Pizzerias with coal and wood-fired ovens established before May 2016 might need to shell out a considerable sum to install emission-control devices. These measures have sparked conversations about the feasibility of these controls and their potential impact on the iconic taste of NYC pizzas.
Paul Giannone, owner of the renowned Paulie Gee’s in Greenpoint, shares that while the transition to eco-friendliness is costly, it has its perks. Besides better air quality, the emission controls have seemingly had no effect on the flavorsome pizzas.

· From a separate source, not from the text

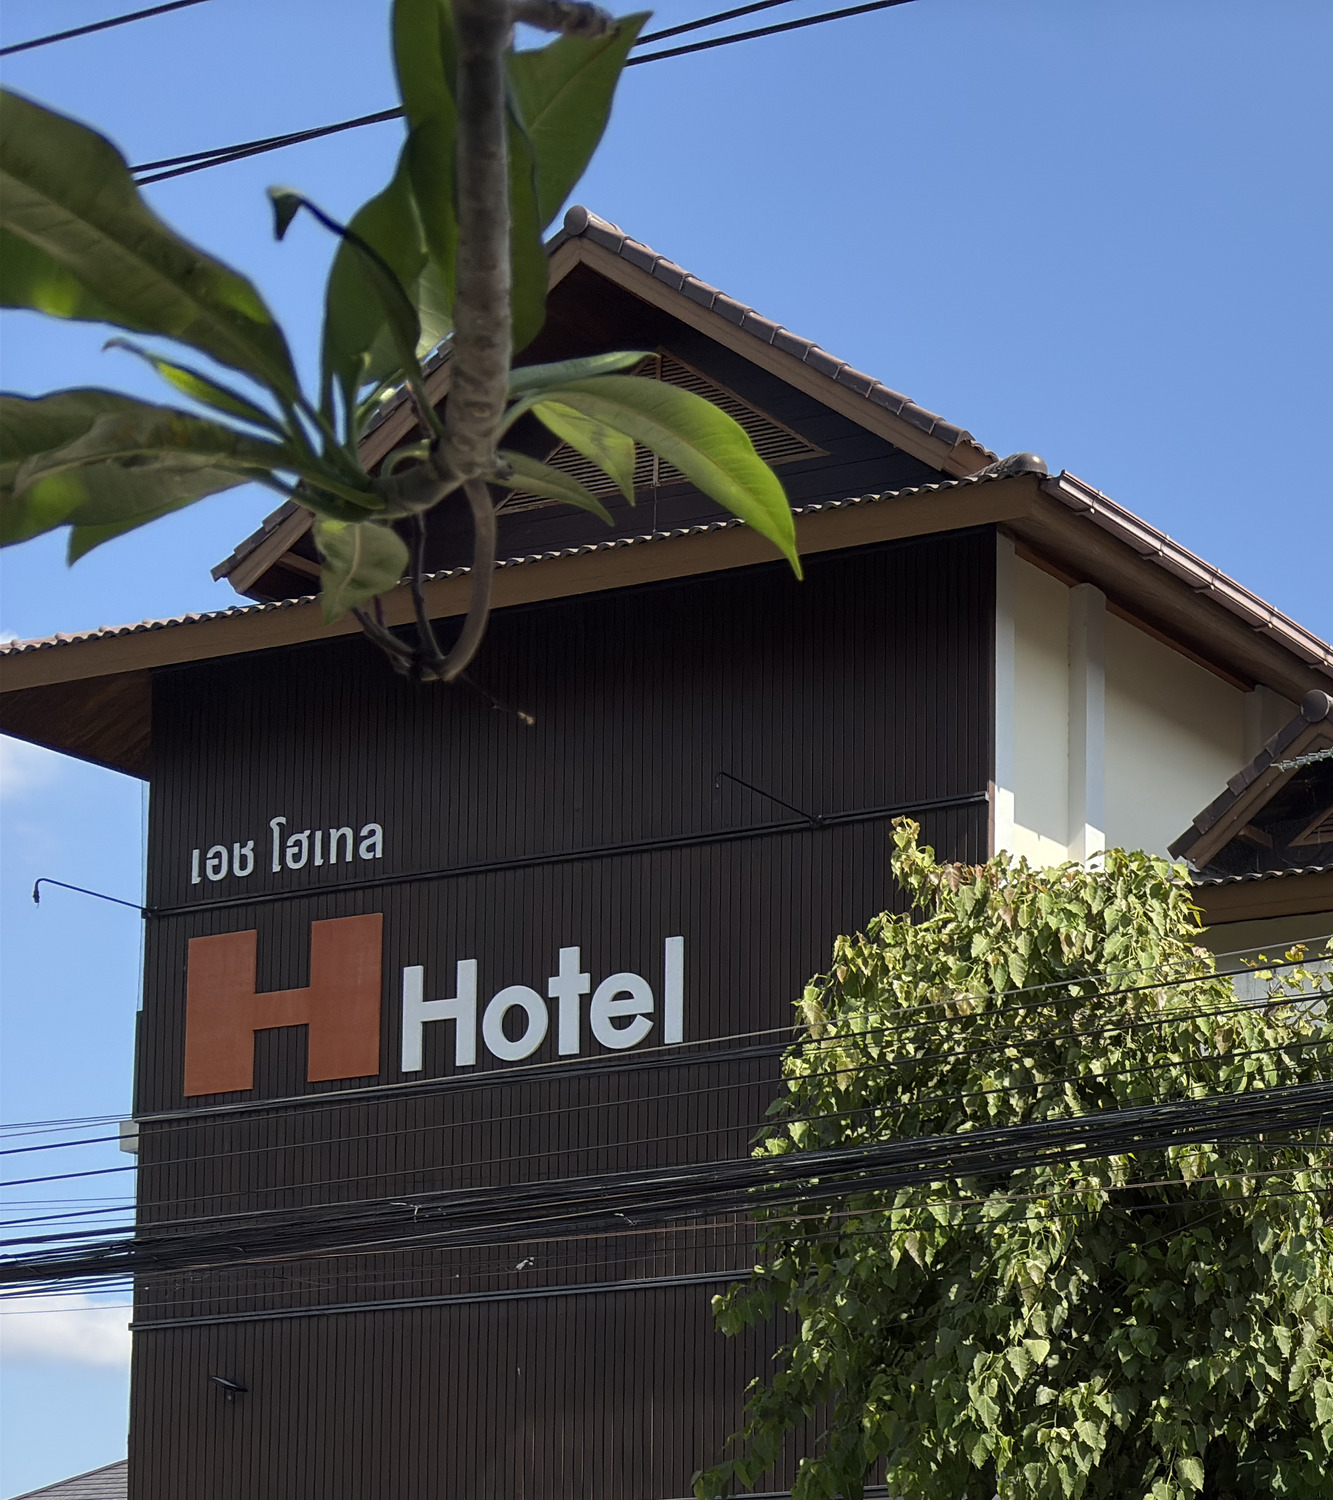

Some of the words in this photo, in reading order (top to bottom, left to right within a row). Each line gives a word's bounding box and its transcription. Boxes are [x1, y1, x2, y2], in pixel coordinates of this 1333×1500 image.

[191, 839, 254, 884] เอช
[269, 816, 384, 872] โฮเทล
[183, 912, 383, 1097] H
[401, 936, 685, 1072] Hotel

However, not everyone is on board with the changes. Some pizza restaurateurs argue that the emission controls could tamper with the delicate balance of heat in their ovens, potentially ruining the art of pizza making. They stress that this ‘art’ relies heavily on the unique charred taste achieved through traditional cooking methods.
As New York City turns a greener leaf, some customers echo the restaurateurs’ concerns. Their love for the authentic, coal-fired NYC pizza doesn’t wane, but the appetite for a cleaner environment could inspire a fresh chapter in the city’s pizza-making history.
Paulie Gee’s Giannone dispels the fears, stating that the emission controls haven’t altered the taste or quality of their pizzas. Under this mandate, other pizzerias would need to hire a professional to assess the feasibility of installing emission-control devices.
The proposed DEP rule aligns with environmental consciousness, urging the culinary world to make changes for the better. While it may pinch the pockets of some pizzeria owners, the move undoubtedly contributes to the city’s broader environmental goals. For now, the pizza-loving world watches with bated breath to see how this slice of New York’s pizza history unfolds.